Frequently, I am asked about innovation and why our company is so special in this regard. Almost as frequently, people are surprised by my answer. There’s no IP. There’s no secret sauce. It’s simply the result of our company’s belief that developing meaningful relationships with employees allows us to tap into the collective genius of our entire organization.
Innovation was a wonderful outcome, but meaningful relationships yield much more than that. If you implement the steps mentioned in this blog series, you will notice developments in your organization that are just as important as innovation: lower attrition, increased employee engagement, better teamwork, higher productivity, better morale, and more. Creative ideas and no-kidding solutions will come from all corners of your company. These are all positive changes that can increase revenue and decrease costs for any company; even for companies that are not in the strict business of innovation.

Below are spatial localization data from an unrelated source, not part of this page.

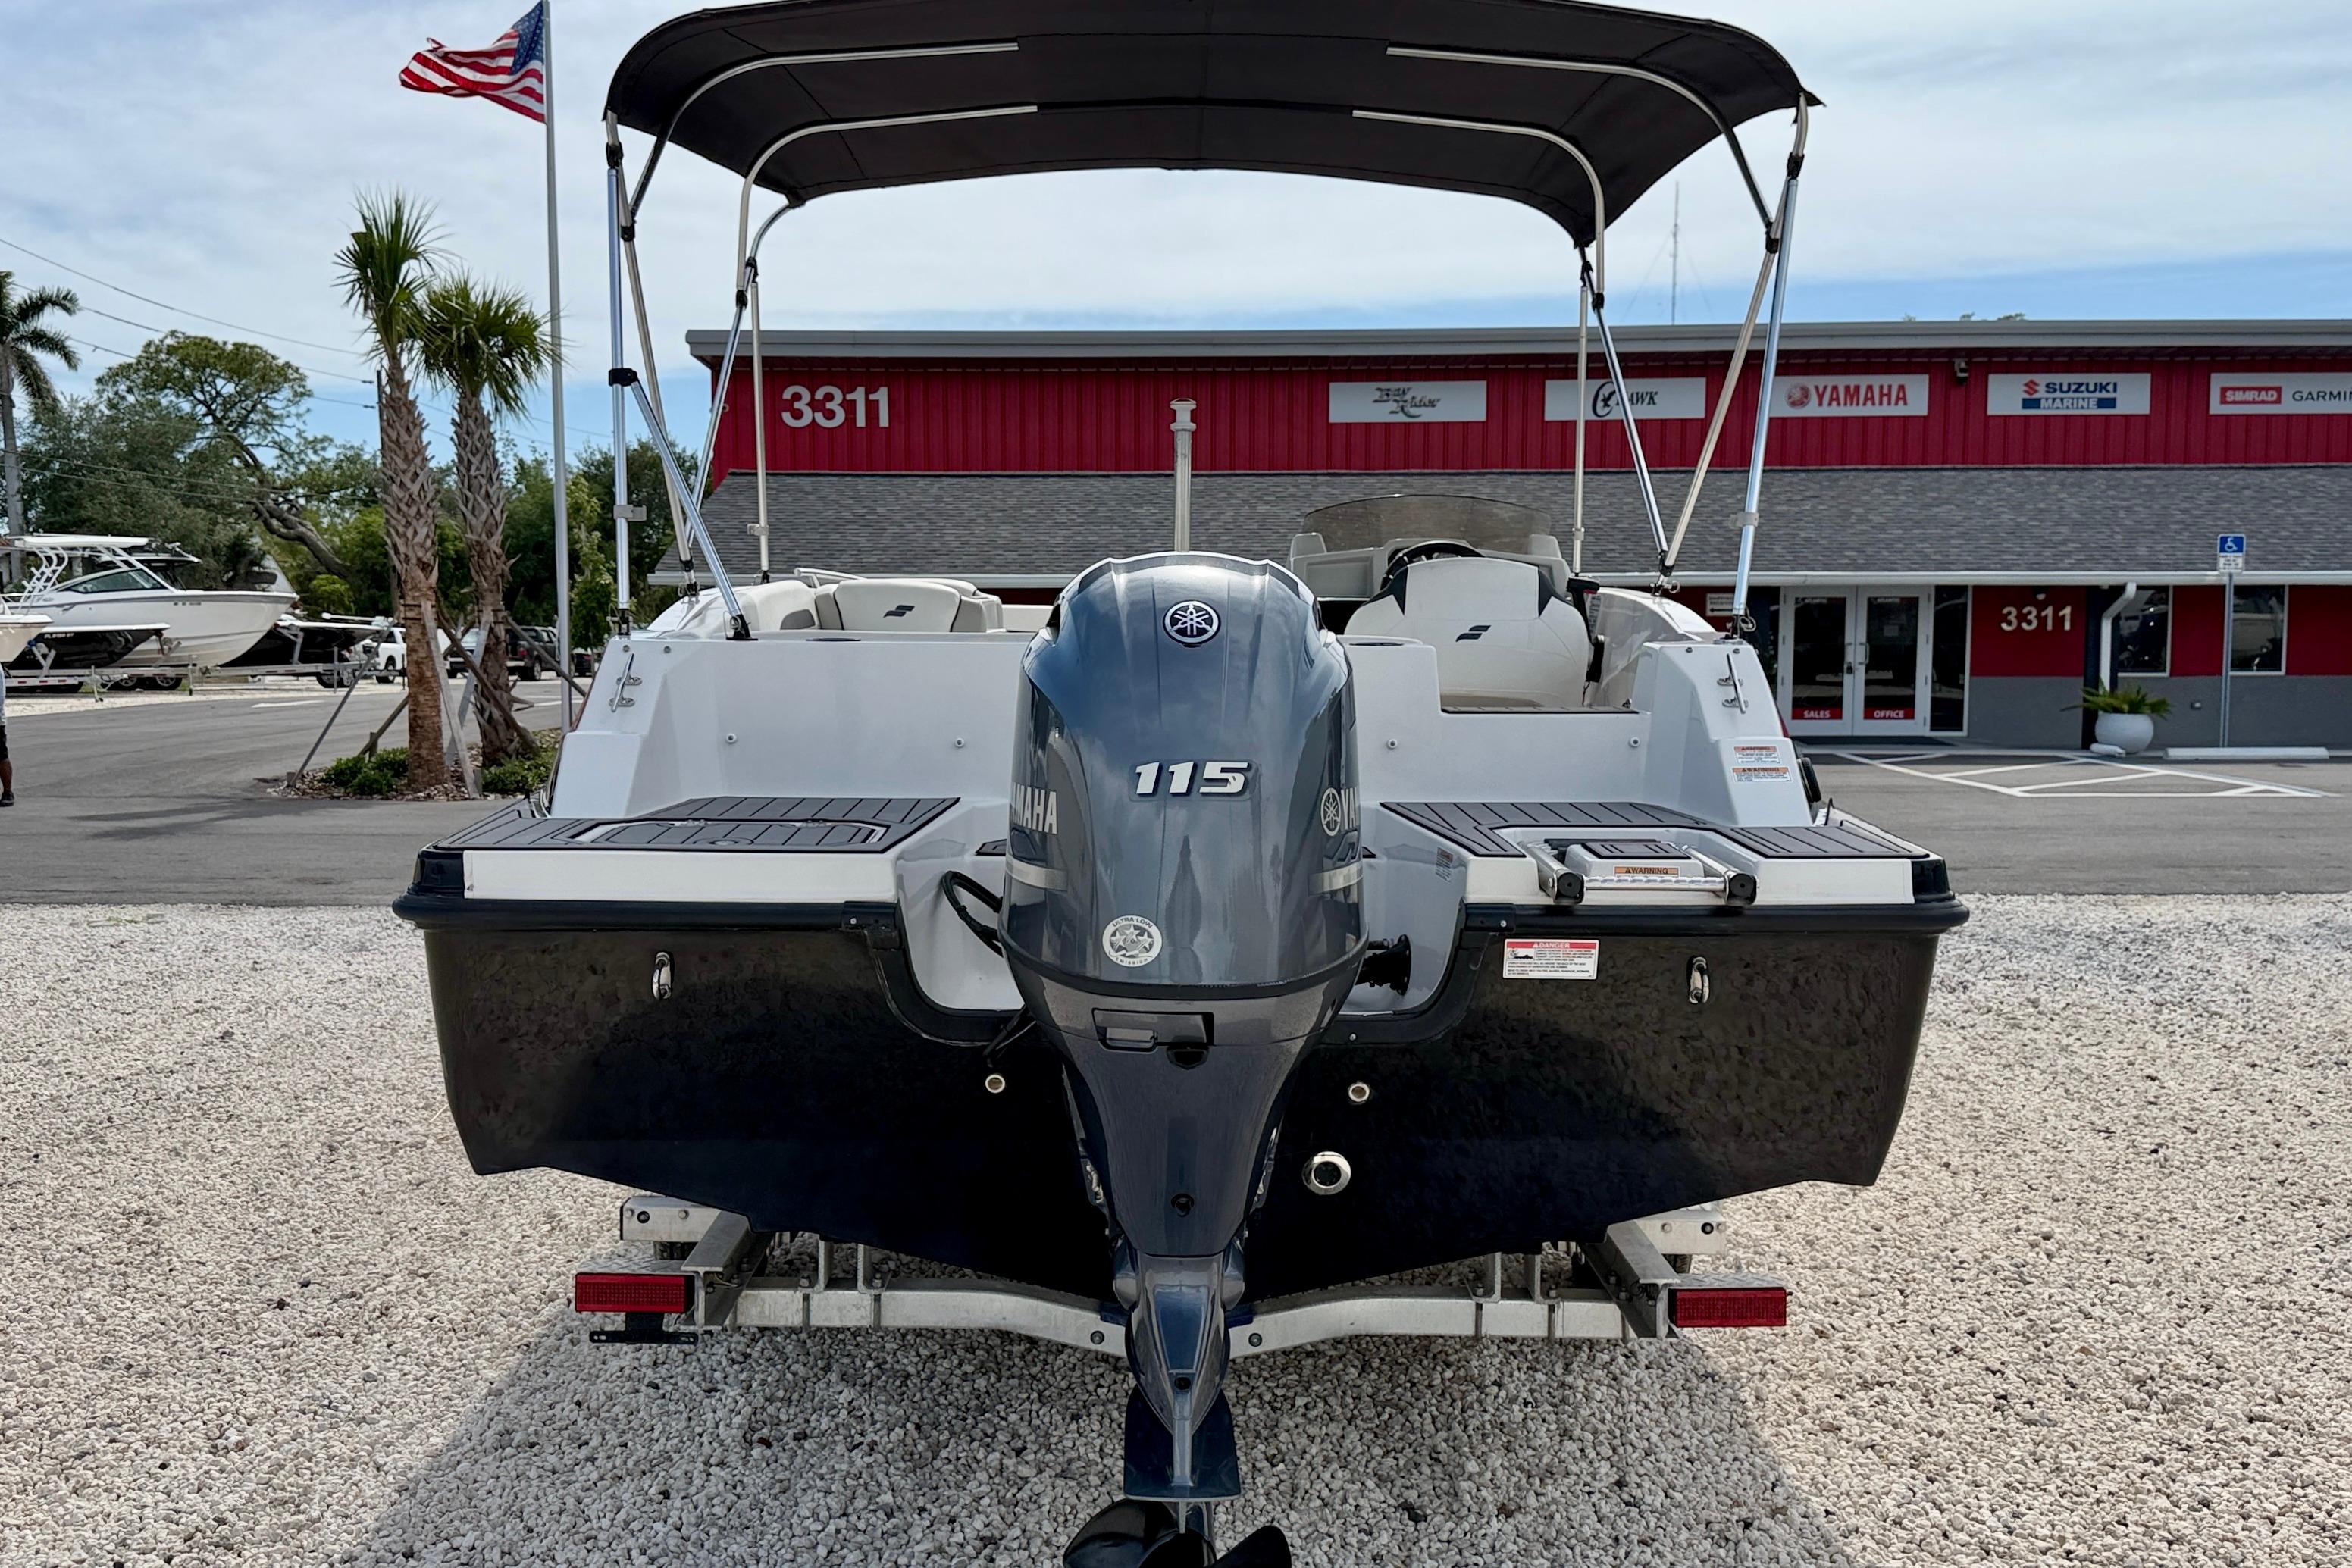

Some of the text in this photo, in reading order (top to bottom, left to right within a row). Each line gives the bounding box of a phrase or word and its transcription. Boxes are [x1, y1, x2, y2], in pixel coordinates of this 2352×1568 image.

[2044, 381, 2118, 393] SUZUKI
[1615, 391, 1659, 406] AWK
[1814, 383, 1909, 408] YAMAHA
[2225, 390, 2278, 402] SIMRAD
[781, 384, 889, 428] 3311
[2040, 397, 2098, 409] MARINE
[2000, 606, 2072, 631] 3311
[1803, 709, 1831, 718] SALES
[1873, 709, 1905, 718] OFFICE
[1135, 761, 1251, 797] 115

We have been fortunate that our commitment to a more meaningful relationship with employees has caught the attention of many distinguished authors (thank you Bill Taylor, Gary Hamel, and others), countless magazines and journals, newspapers, educational institutions (like Harvard and Stanford), and big networks like CNBC. We’ve even won innovation awards (special thanks to Polly LaBarre). Apparently, they all believe that this new way of engaging employees might just work for other organizations—maybe even yours.

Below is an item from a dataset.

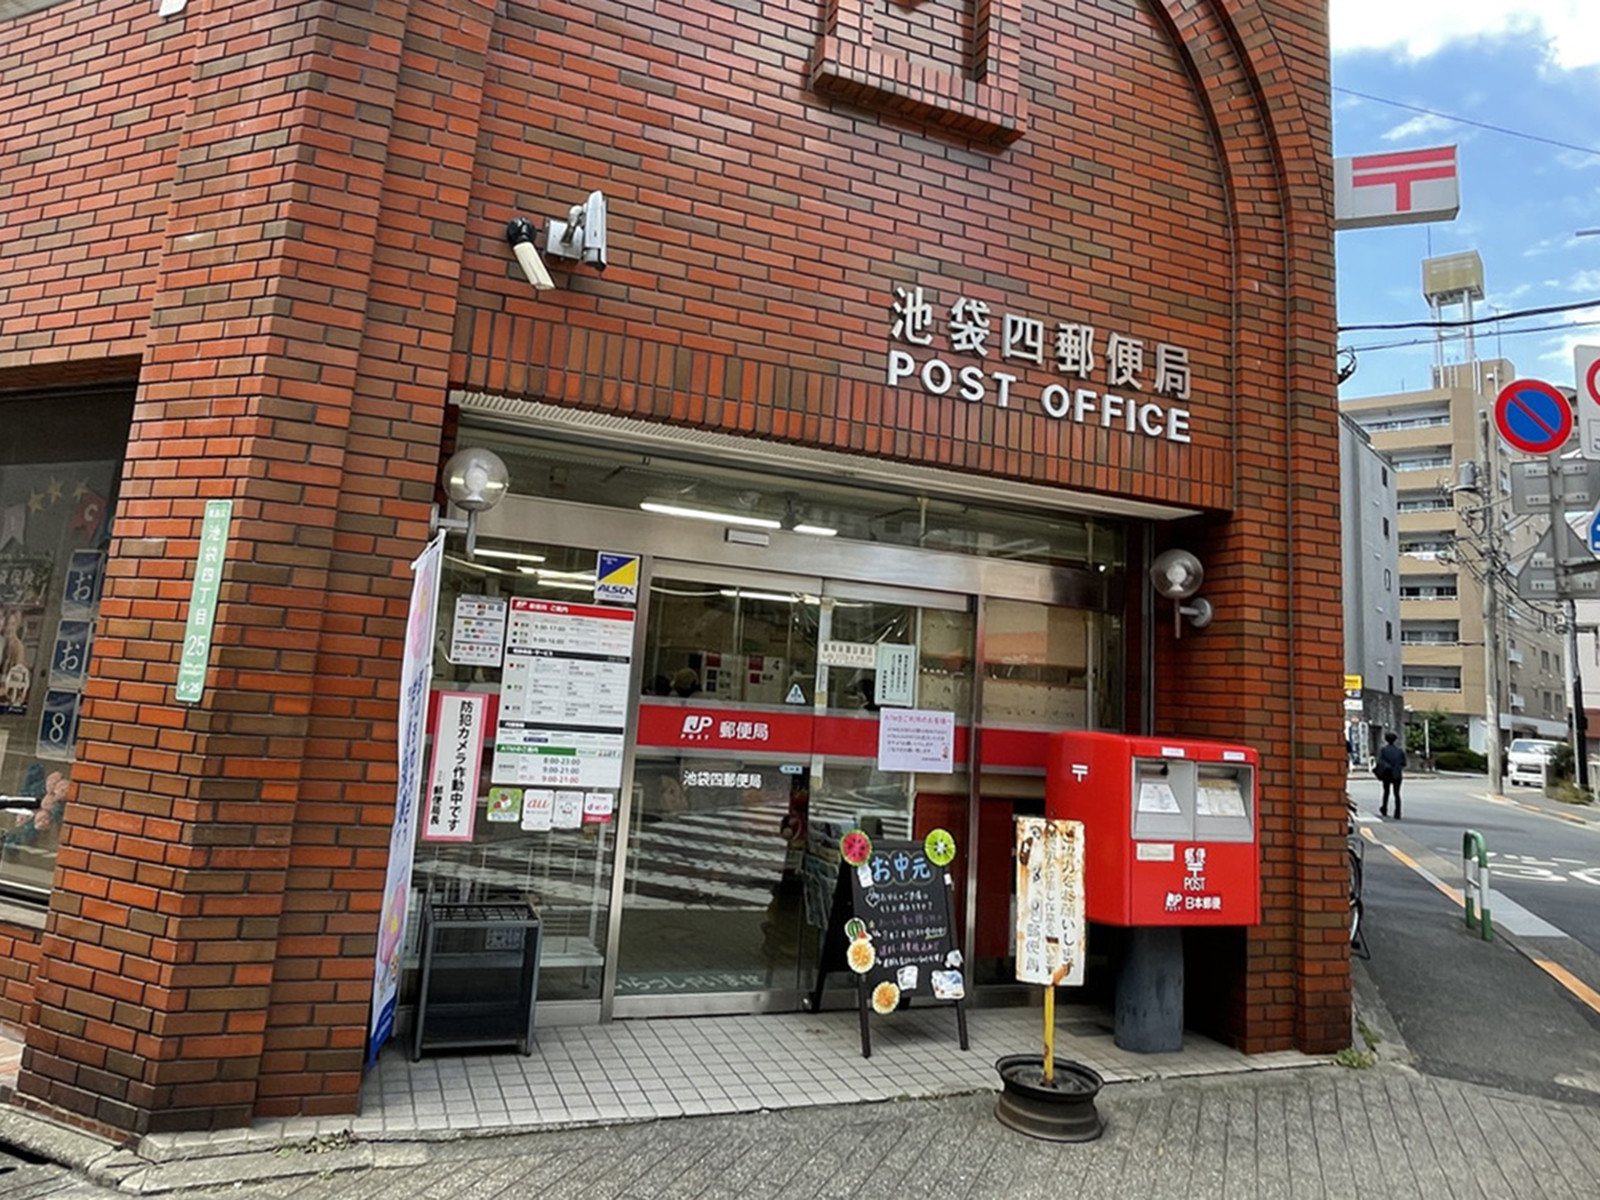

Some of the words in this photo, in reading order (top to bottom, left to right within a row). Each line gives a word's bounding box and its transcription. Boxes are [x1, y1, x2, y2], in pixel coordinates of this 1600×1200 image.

After 30 years of managing the wrong way, I came to see the error in my ways (which weren’t my ways at all, just the industry norm for a labor economy). Back then, the relationship between a company and employee was transactional. Though employees were on salary, they still punched the clock—emotionally. It didn’t work then and it certainly doesn’t work now, especially in today’s knowledge economy.
I have since discovered that to be a more powerful company, we have to move beyond having transactional relationships with employees to having more meaningful relationships with them. How do you do that? Companies must develop real, emotional connections with employees. The end goal is to create an environment where individuals care, commit and contribute on a daily basis.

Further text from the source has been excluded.